Hugues Triballat, dairy and entrepreneur of taste

While the Egalim 2 bill, which aims to improve the remuneration of farmers, is about to be debated in the Senate, Hugues Triballat is continuing his tripartite discussions. At 63, the president of Dairies H. Triballat Rians is looking – with milk producers, distributors and agro-food players specializing in processing, like him – for a solution to limit the rise in costs.

Also on its agenda, the resumption of the “food service” activity, or sale to the catering sector, which must be gradually reorganized after the interruptions imposed by the series of confinements of the health crisis.

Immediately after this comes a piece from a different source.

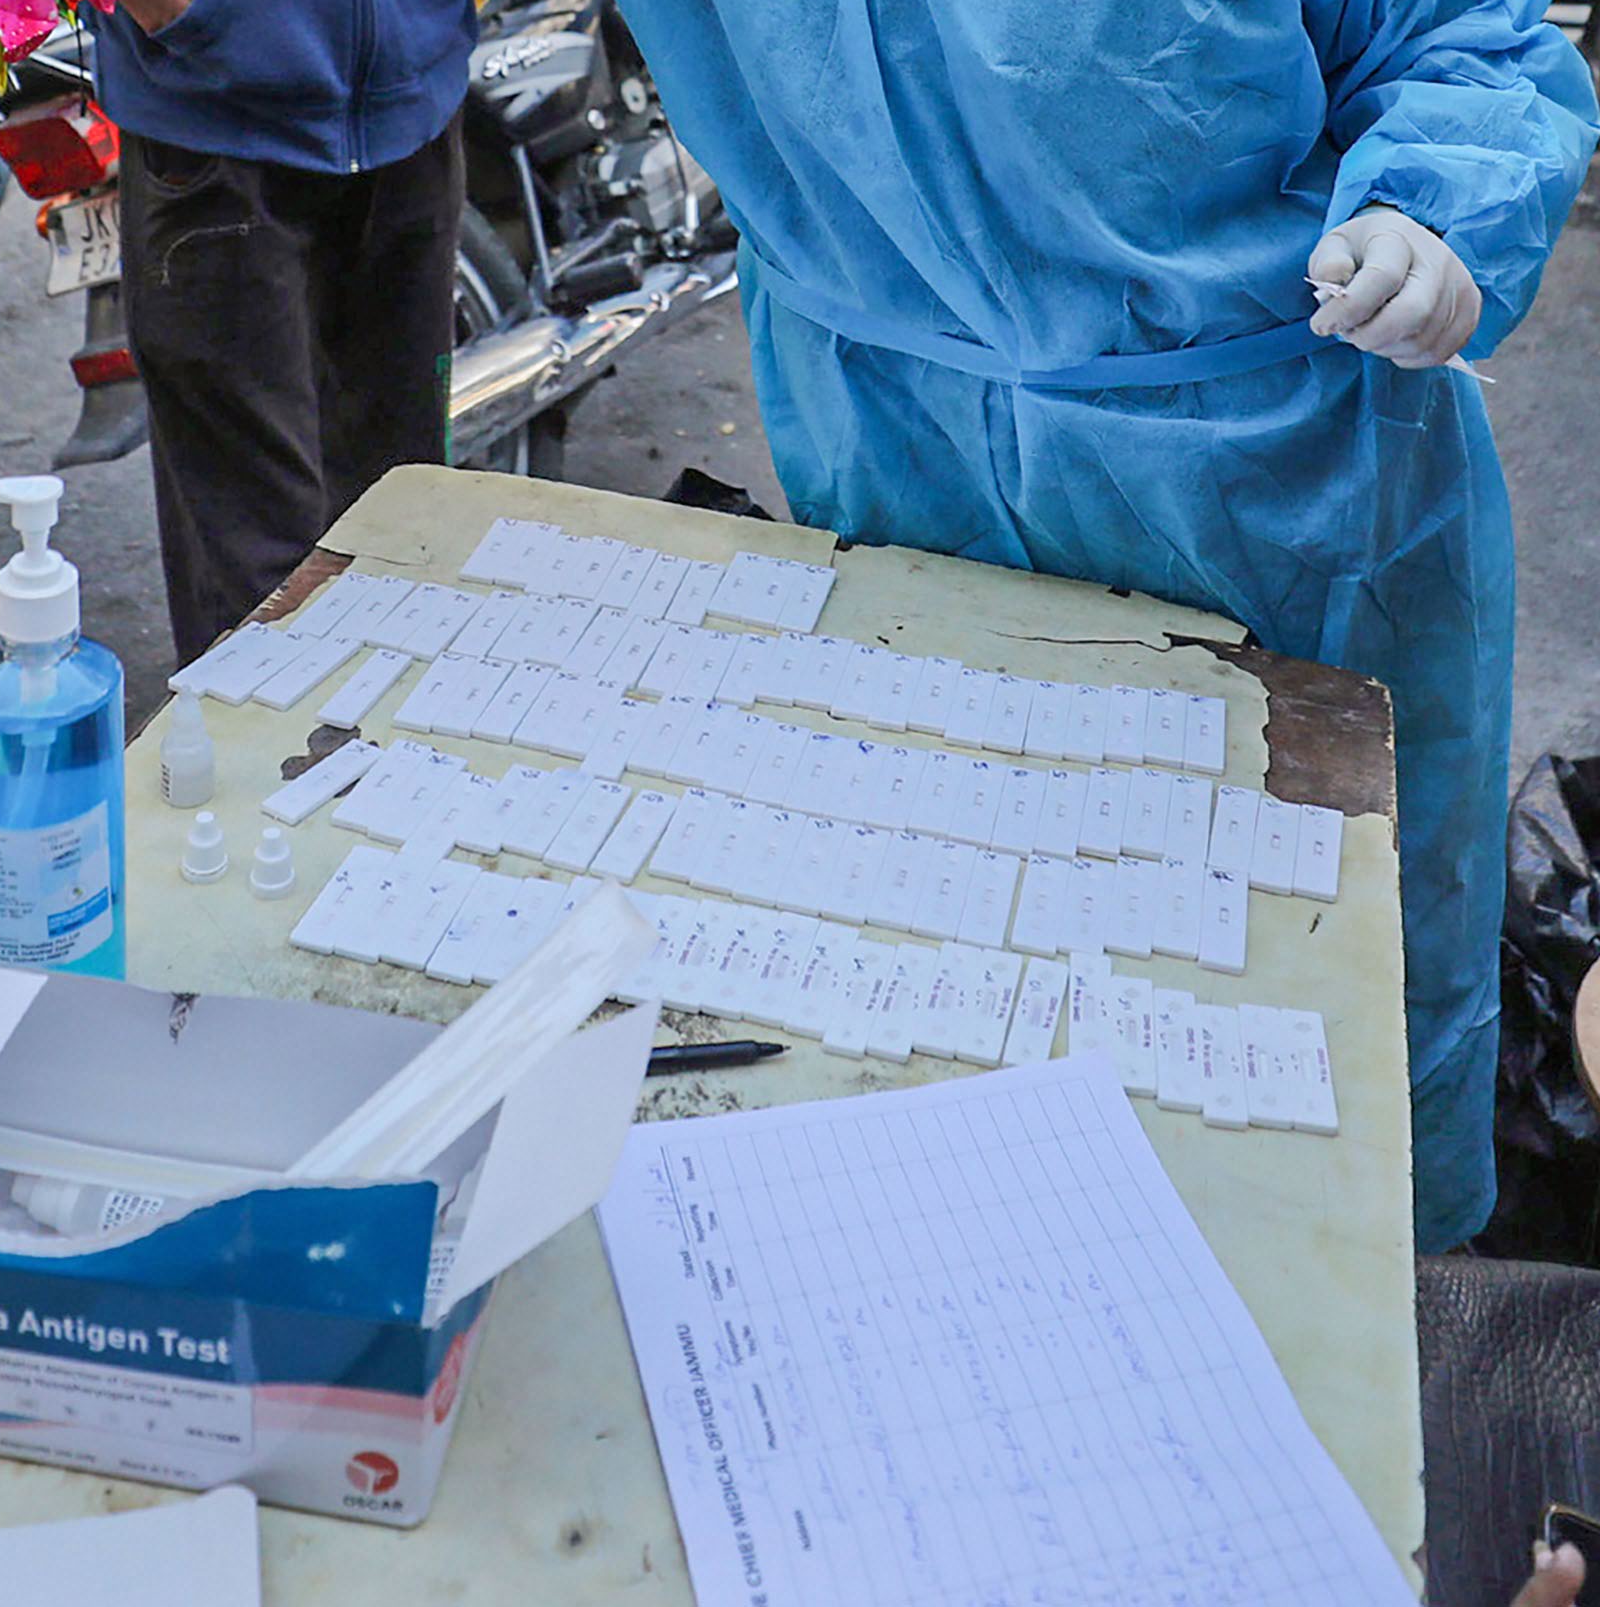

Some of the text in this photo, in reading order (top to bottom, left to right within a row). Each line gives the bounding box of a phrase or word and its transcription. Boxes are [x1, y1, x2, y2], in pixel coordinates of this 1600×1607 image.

Great-grandson of a miller and cheese maker

Hugues Triballat is the representative of the fourth generation of the founding family of Laiteries H. Triballat Rians – who are celebrating their 120th birthday this year. It carries an ambitious CSR approach. Called “LFE”, for “committed family dairy”, this program covers both reduction of the environmental footprint than on the promotion of sustainable breeding. “ Like everything we do, we do it with sincerity, specifies this discreet, modest man, and little fond of media exposure. For example, our partnership with 450 milk producers in favor of sustainable agricultural practices commits us for the next seven years. “

More comfortable to talk “The collective, the brand and its products”, he willingly unfolds the history of this company born in 1901 in the eponymous village of Rians, in the heart of the Cher. “My great-grandfather was a miller, while my great-grandmother sold cheeses made from the milk of his own cows. “

This modest farm became a dairy when his grandfather took over. But World War II forced the family to “start from scratch”. “My father started up again at the dawn of the 1950s, by diversifying the clientele with Parisian dairymen, then via supermarkets and exports”, details this graduate of the National School of Agronomy and Food Industries (Ensaia), also holder of an MBA from Laval University, in Canada.

Although “Very attached to the company”, this great sports enthusiast, including cycling, skiing and swimming, started in “Rubbing shoulders with requirements” other organizations, first in management control within a Swiss company, then at the head of a food products SME. In 1990, due to “What is a general direction”, Hugues Triballat joined the family business before taking the presidency six years later.

100% family shareholding

“The transmission took place in perfect harmony with my father. Likewise, I consider that the pursuit of this ensemble must be a choice of life, and therefore not an imposed decision ”, underlines this father of three children, one of whom sits on the supervisory board and two are employees of Laiteries H. Triballat Rians.

Defending himself from any dynastic approach, he adds that the company – with 1,500 employees for 300 million euros in turnover – is based on 100% family shareholders. And this lover of the United States, whom he discovered during a school exchange with a Michigan family, added that, when the company, historically specialized in faisselle then in cheese with designation of origin (Picodon , crottin de Chavignol, Epoisses …), has diversified into desserts, it is his younger sister’s crème brûlée recipe that has been followed to the letter.

“He found the balance between the traditional dimension of his company and the modernity demanded by an economic world in perpetual motion”, gauge Jean-Luc Bélingard, former CEO of bioMérieux, now vice-president of Institut Mérieux, who supported him within the framework of a sponsorship of bpifrance business leaders. He never asserts his ideas, but confronts his thoughts with a strong concern for humility. “ Thoughts that Hugues Triballat is maturing, he says, especially during “Long walks which have the virtue of serving as a cement for scattered reflections”.